Data in this exercise:
_ _ _ _ _

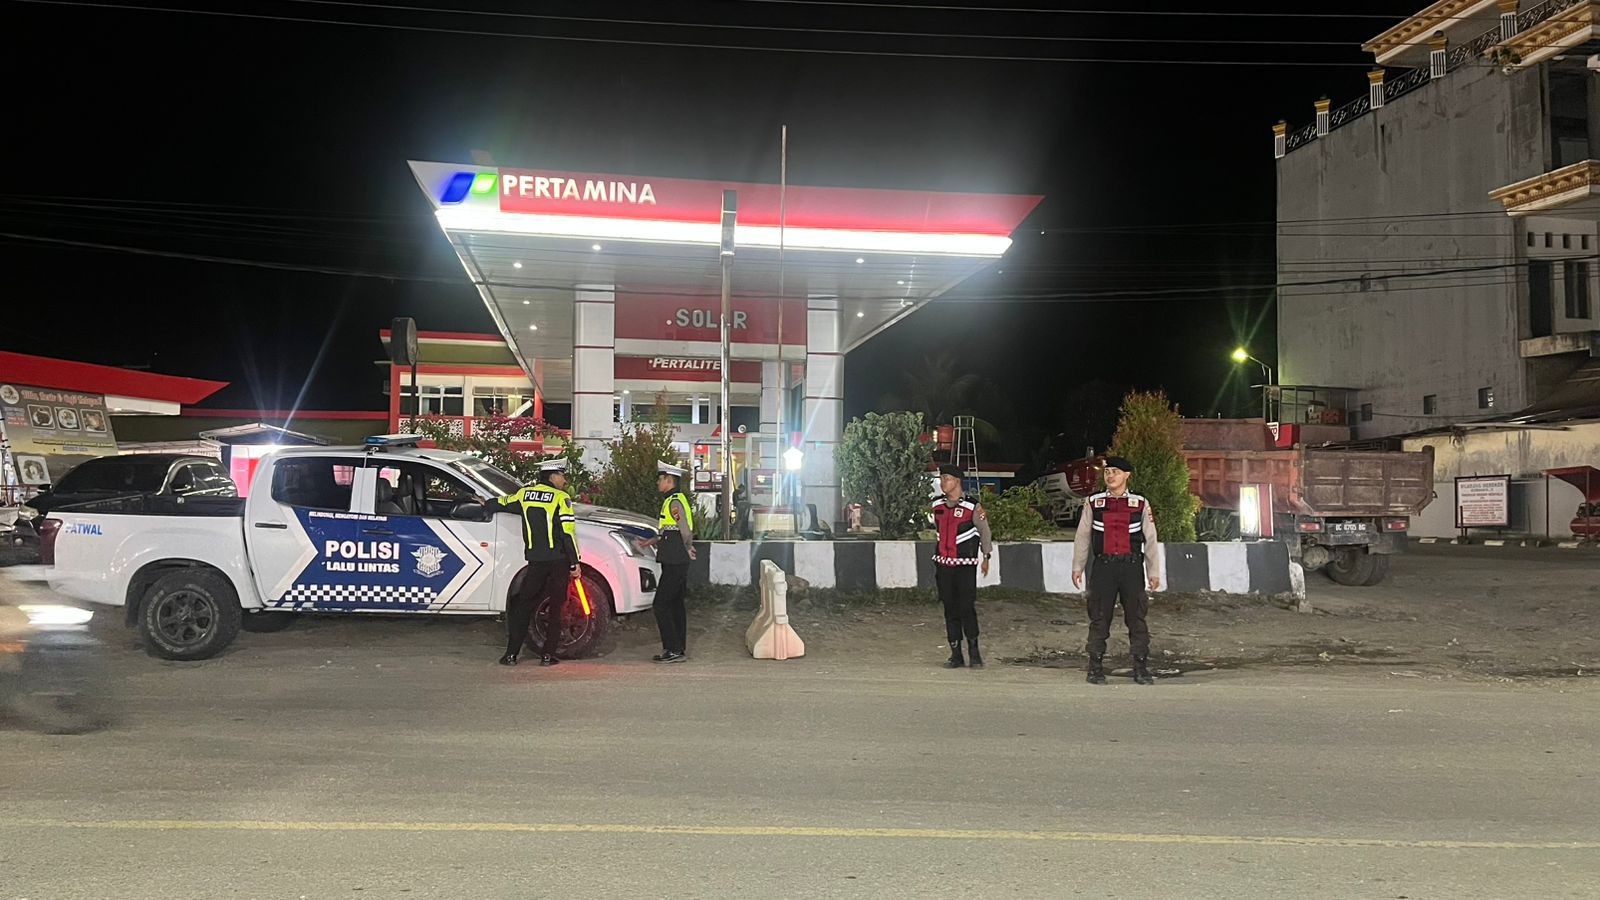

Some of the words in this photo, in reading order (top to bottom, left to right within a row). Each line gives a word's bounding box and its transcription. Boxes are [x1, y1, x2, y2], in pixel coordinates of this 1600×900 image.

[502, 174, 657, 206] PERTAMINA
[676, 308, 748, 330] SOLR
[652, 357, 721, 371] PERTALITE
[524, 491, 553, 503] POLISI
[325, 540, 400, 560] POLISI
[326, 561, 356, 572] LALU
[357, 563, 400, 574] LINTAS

_ _ _ _ _

What you should do: Each line above should be written out again unchanged; no images are to be carried over.

Task response:
Some of the words in this photo, in reading order (top to bottom, left to right within a row). Each line gives a word's bounding box and its transcription. Boxes are [x1, y1, x2, y2], in pixel coordinates of this 1600×900 image.

[502, 174, 657, 206] PERTAMINA
[676, 308, 748, 330] SOLR
[652, 357, 721, 371] PERTALITE
[524, 491, 553, 503] POLISI
[325, 540, 400, 560] POLISI
[326, 561, 356, 572] LALU
[357, 563, 400, 574] LINTAS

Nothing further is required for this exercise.